Me and Earl and the Dying Girl: A Quirky, Self-Absorbed Tragedy

The Sundance-winning teen drama hits hard emotionally but wastes too much time on its inwardly focused protagonist.

Fox Searchlight

The biggest flaw in Me and Earl and the Dying Girl is right there in the title: the first word, specifically. Alfonso Gomez-Rejon’s Sundance-winning coming-of-age drama is rife with meta-textual ambition, featuring a fourth wall-breaking narrator, rapid cuts to stop-motion animation, set design so attentive to detail that it evokes Wes Anderson, and a teen-with-cancer plot that largely manages to skirt cliché. Which makes it all the more frustrating that it filters all of this through the point of view of a bland, self-centered protagonist whose personal growth makes up the narrative arc of the film while simultaneously being the least interesting thing about it.

The “me” of Me and Earl and the Dying Girl is Greg (Thomas Mann), a gawky high school senior in Pittsburgh who narrates his story to the audience with irritating self-awareness, essaying a breakdown of his school’s jocks/geeks/stoners sub-cultures as if it isn’t territory that’s been covered in a thousand other films. Greg cultivates his invisibility in the school, proudly an acquaintance to all and an enemy to none, and spends most of his time in a history teacher’s office watching art films with his friend Earl (RJ Cyler), who helps him make silly but thoughtful movie parodies that have names like My Dinner with Andre the Giant or A Sockwork Orange. When his mother (Connie Britton) hears that a classmate of Greg’s has been diagnosed with leukemia, she nudges him into spending time with her, kindling a friendship that Greg's voice-over constantly reminds us is doomed.

Both Earl and the cancer-stricken Rachel (Olivia Cooke) would serve as far more involving protagonists than Greg. Relegated to the sidelines, the young actors deliver rather spellbinding performances, though they’re limited by their dull narrative purpose. Earl is sometimes Greg’s comically blunt sidekick (he’s African American and supposedly from a “bad part of town” that consists of two ramshackle shotgun houses) and at other times a wise sage beyond his years; Rachel has a doomed sort of maturity, watching sadly but empathetically as the people around her struggle with her tragic diagnosis.

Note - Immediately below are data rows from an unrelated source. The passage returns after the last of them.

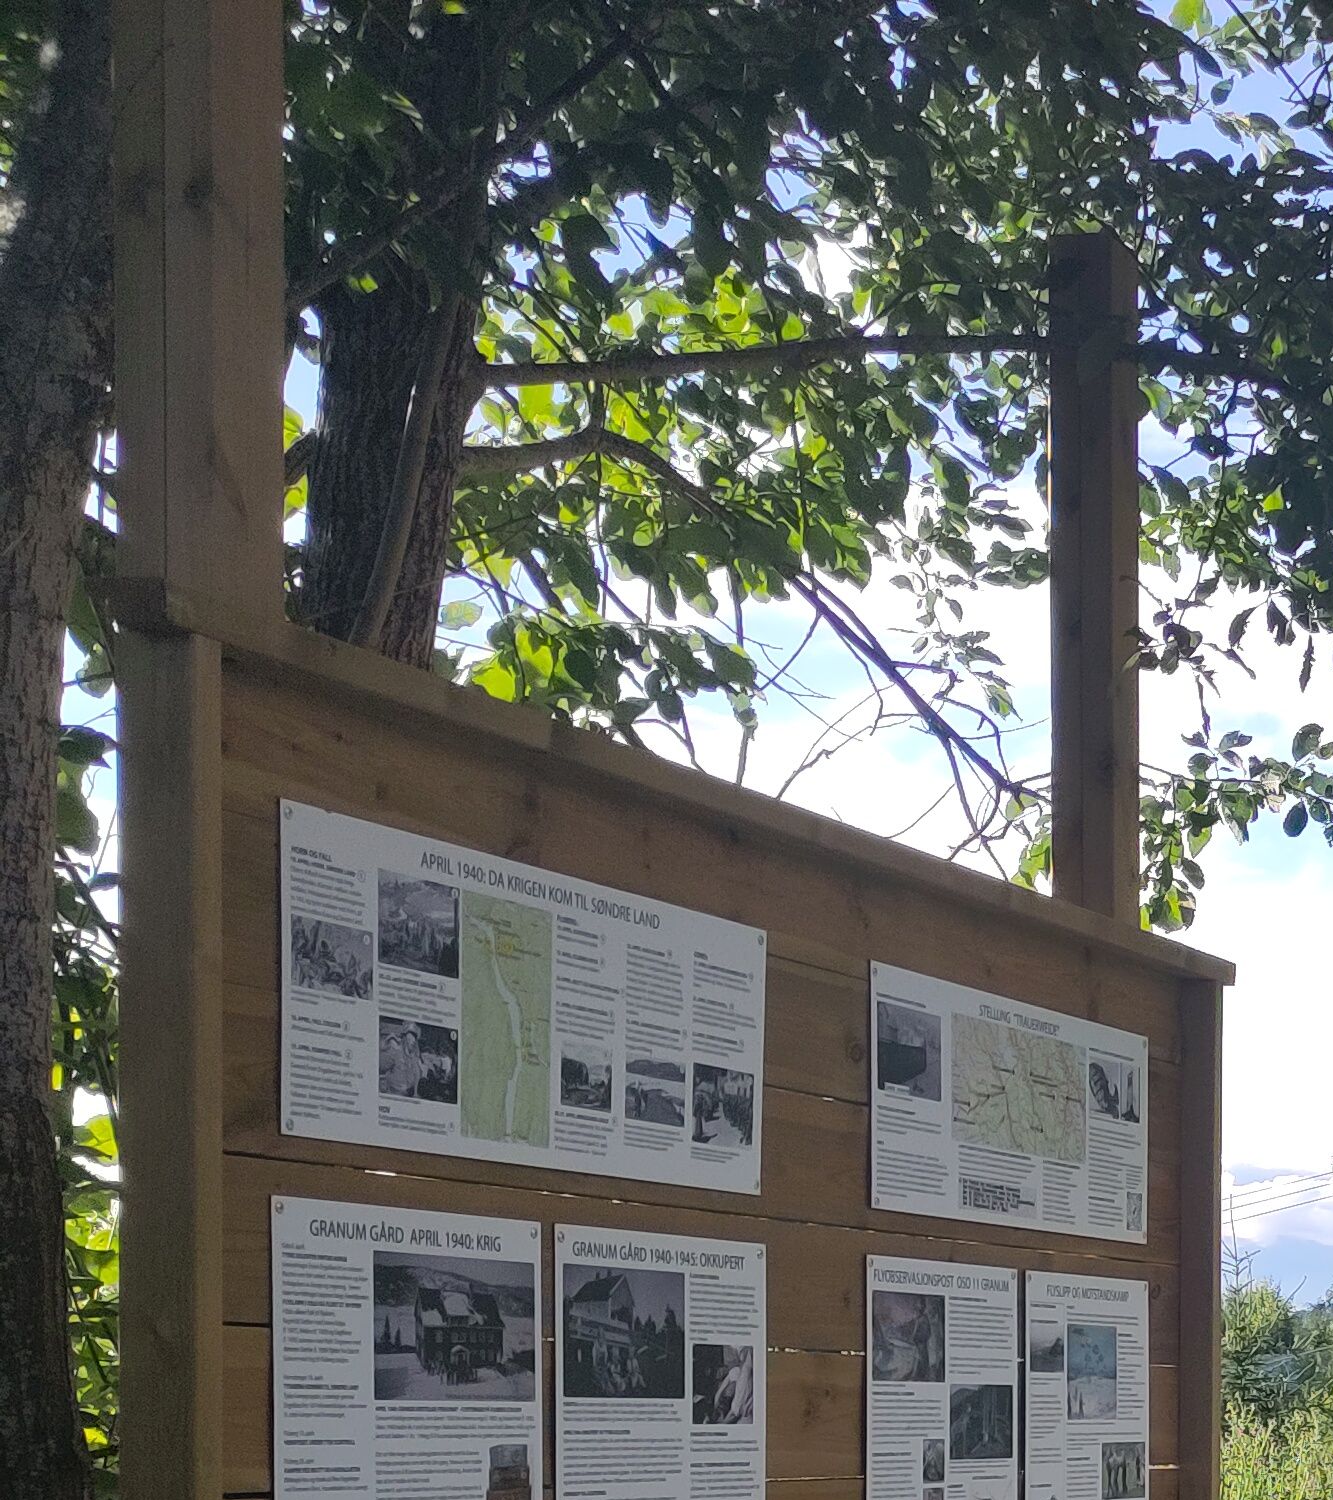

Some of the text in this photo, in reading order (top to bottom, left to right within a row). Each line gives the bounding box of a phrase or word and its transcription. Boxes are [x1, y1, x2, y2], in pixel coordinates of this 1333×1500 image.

[420, 851, 660, 930] APRIL 1940: DA KRIGEN KOM TIL SØNDRE LAND
[978, 1004, 1011, 1024] STELLING
[309, 1219, 501, 1252] GRANUM GÅRD APRIL 1940: KRIG
[572, 1241, 745, 1271] GRANUM GÅRD 1940-1945: OKKUPERT
[981, 1278, 1009, 1292] GRANUM

In the middle is the annoyingly precocious Greg. His parents are gently encouraging oddballs (his dad, played by Nick Offerman, putters around the house cooking adventurous ethnic foods), he’s blessed with unique artistic talent (the quirky films he makes with Earl are lovingly rendered on screen as earthy gobs of genius by Gomez-Rejon), and he’s innately funny and charming. So, of course, he spends the whole film complaining about what a boring nonentity he is and how detached he feels from everyone, needing the shock of his friend dying of cancer to finally push him into adulthood.

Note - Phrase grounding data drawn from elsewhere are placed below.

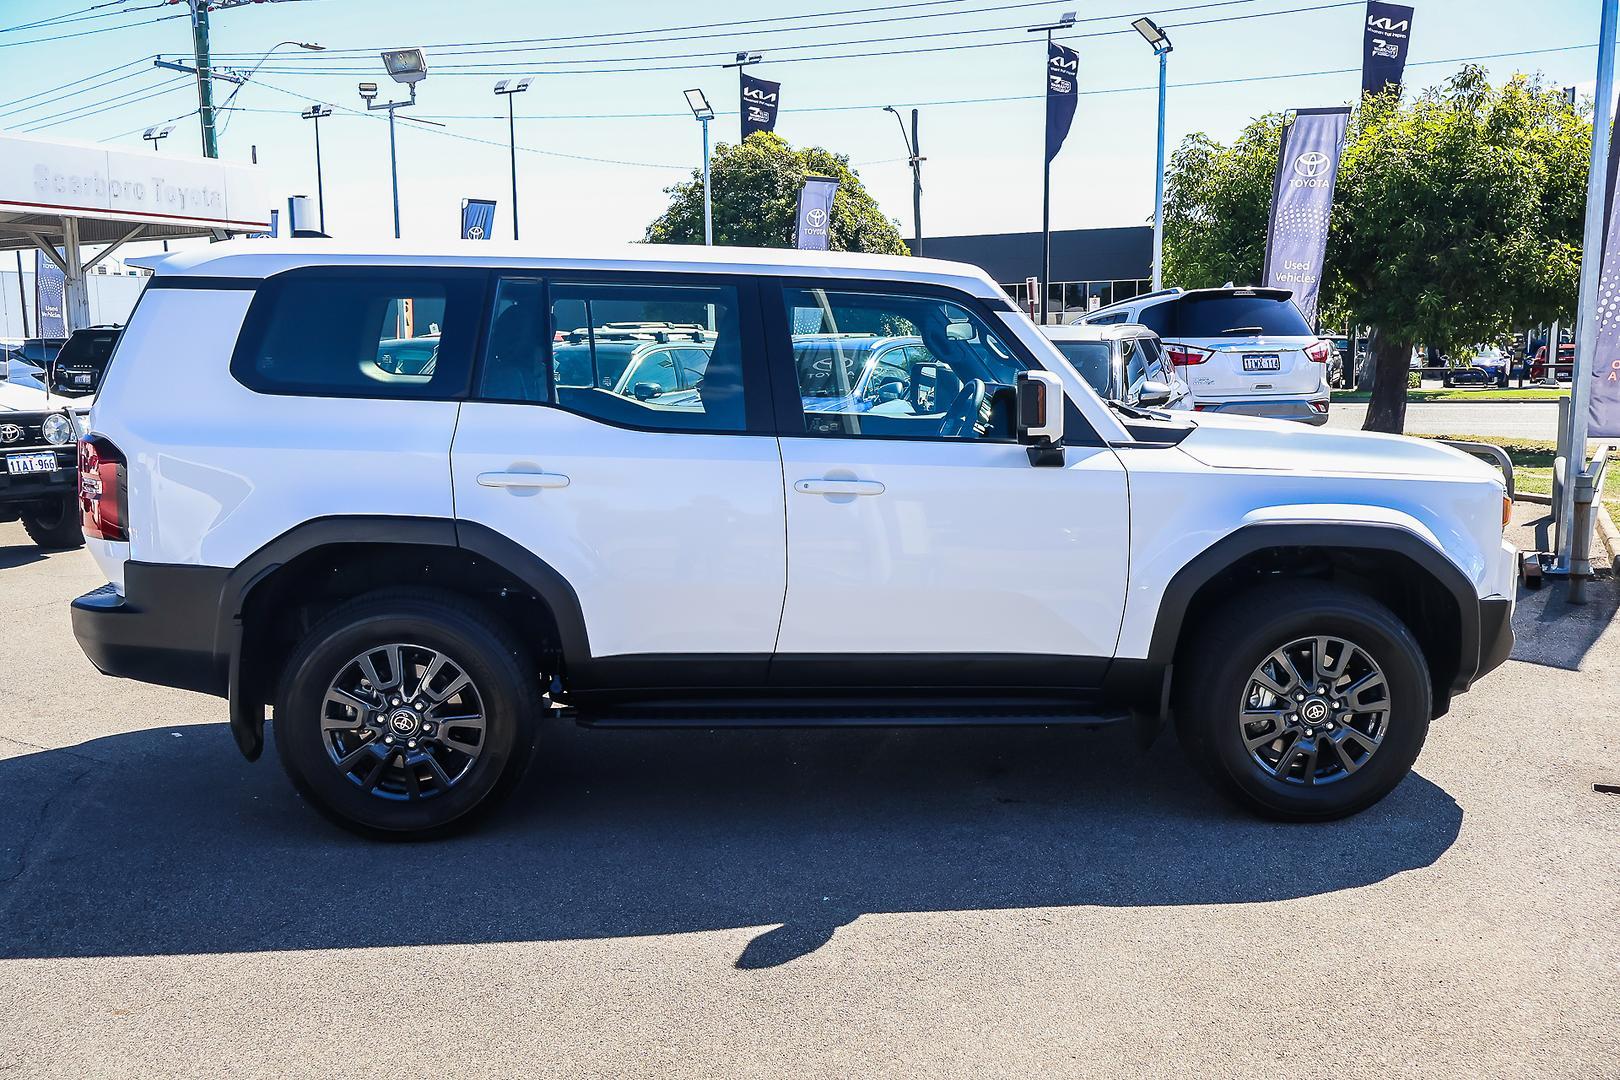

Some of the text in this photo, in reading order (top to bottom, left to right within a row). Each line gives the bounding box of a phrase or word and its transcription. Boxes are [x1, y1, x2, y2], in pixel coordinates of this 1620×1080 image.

[1368, 15, 1408, 31] KIA
[743, 87, 776, 102] KIA
[1289, 179, 1329, 188] TOYOTA
[1285, 261, 1310, 270] Used
[1276, 272, 1316, 284] Vehicles
[807, 370, 855, 379] TOYA

This is what keeps Me and Earl from ever feeling particularly authentic or weighty. Far soapier teen dramas along similar lines, like last year’s The Fault in Our Stars, might suffer from brutally obvious symbolism and sudden plot twists, but they also value their lead characters as equals. Rachel is lovingly performed by Cooke, but exists mostly to nudge Greg toward his own personal realizations. Screenwriter Jesse Andrews, who adapted his 2012 novel, gives viewers plenty of evidence to recognize George’s big heart and his personal flaws, but doesn't let Greg himself discover them until the end of the film.

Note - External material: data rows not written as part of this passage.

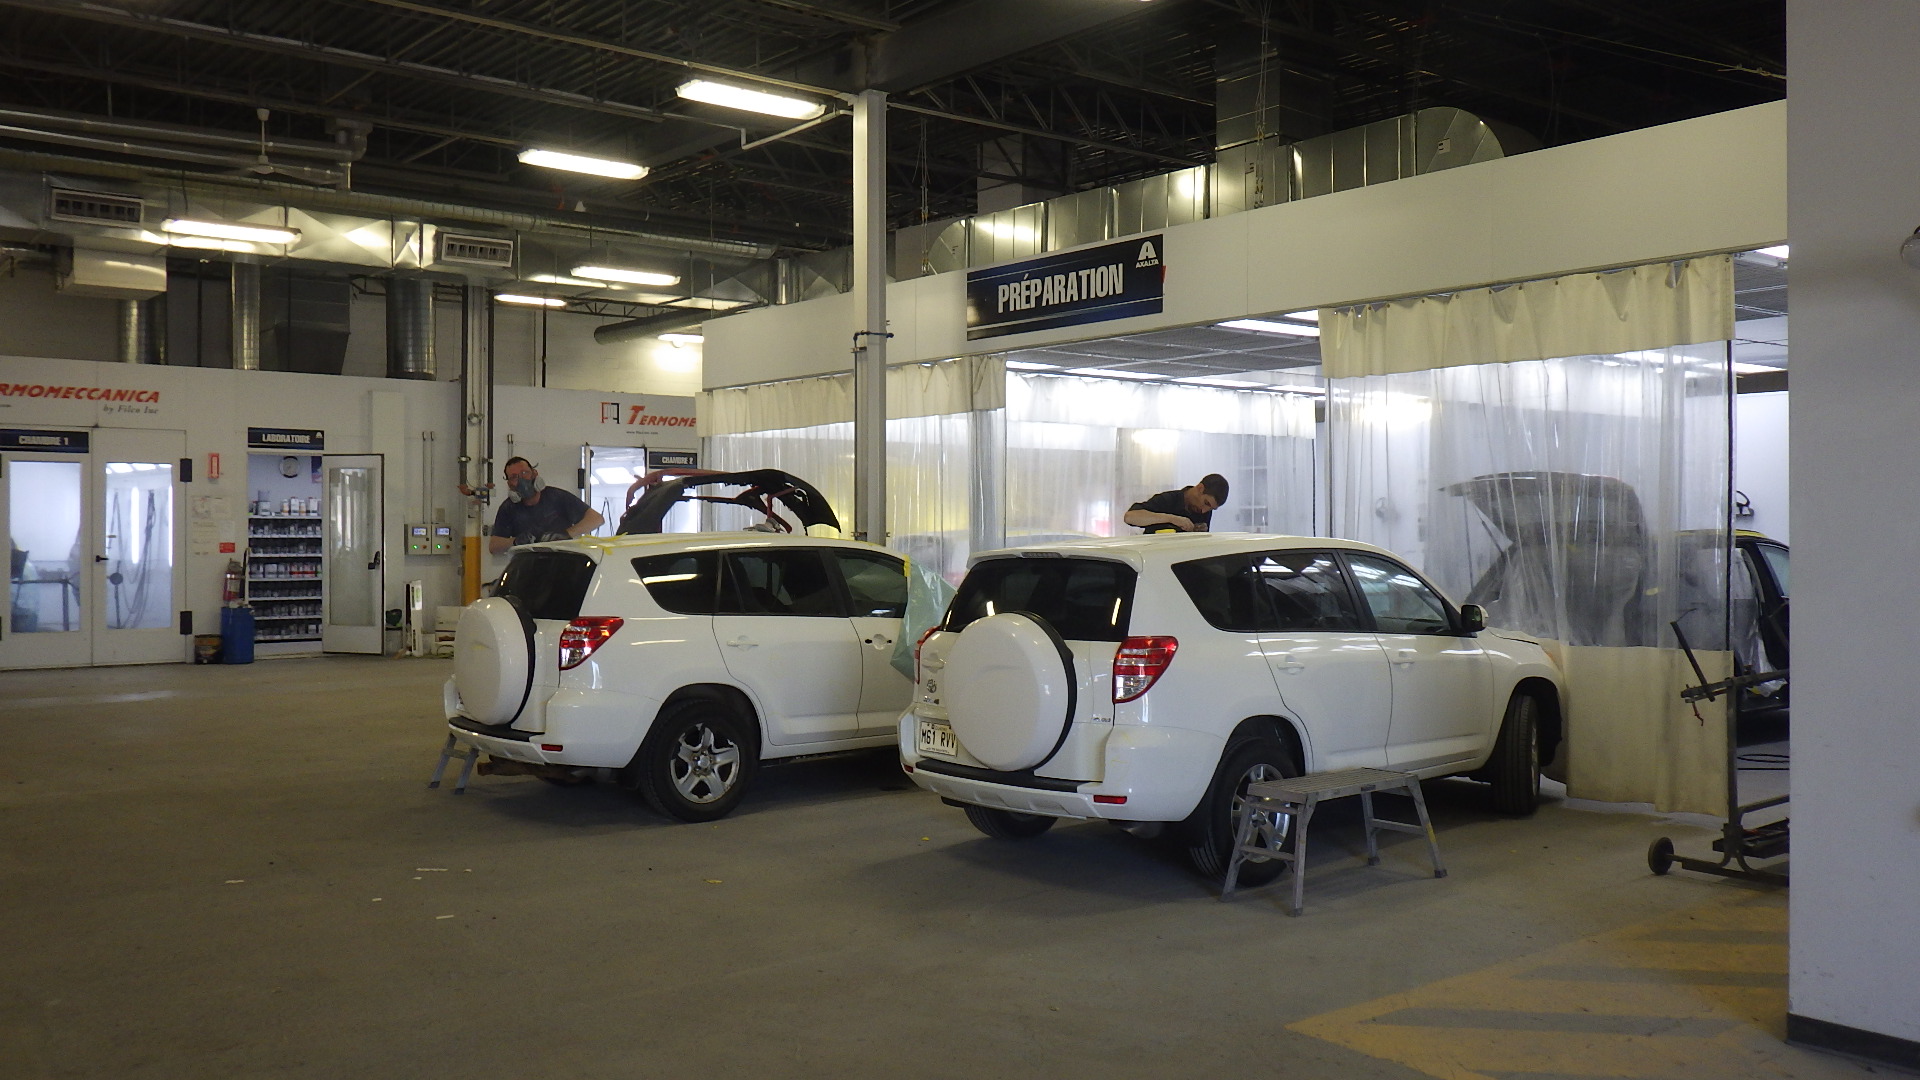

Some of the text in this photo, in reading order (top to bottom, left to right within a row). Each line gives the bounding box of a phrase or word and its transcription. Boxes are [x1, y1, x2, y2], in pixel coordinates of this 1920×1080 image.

[1135, 258, 1160, 269] AXALTA
[998, 263, 1123, 313] PRÉPARATION
[0, 383, 160, 404] RMOMECCANICA
[103, 404, 114, 414] by
[262, 434, 310, 444] LABORATOIRE
[921, 729, 936, 745] M61

Still, this is a drama about a young girl with cancer, and its final act is designed to hit viewers hard. Gomez-Rejon (a longtime second-unit director who made his feature debut last year with The Town That Dreaded Sundown) shows off way too much in the film’s first hour, filling the frame with tons of overtly clever details and busily moving his camera around to no real end. His meticulous compositions have drawn many comparisons to Wes Anderson, but Me and Earl's kinetic filming of perfunctory, high-school hustle and bustle evokes Richard Kelly's work on Donnie Darko (another Sundance favorite, many moons ago), while lacking that film’s supernatural edge. It’s a relief when Gomez-Rejon settles down a little for the film's more somber closing scenes, which help reflect Greg’s growing maturity in the face of Rachel's advancing illness.

Me and Earl and the Dying Girl is both helped and hindered by its status as a Sundance darling—it’s hard to walk into a much-hyped drama about a teenage girl with cancer expecting it to reinvent the wheel. There are only so many ways to tell this story, and despite the self-aware voice-over and multiple films-within-a-film, there’s little to Me and Earl’s plot that hasn’t been seen before, even if it handles its final moments much more deftly than its peers. Greg's personal evolution closes on a powerful note that helps rescue the film from being formulaic; but it’s still a shame that it’s Greg’s story, first and foremost, that the film chooses to tell.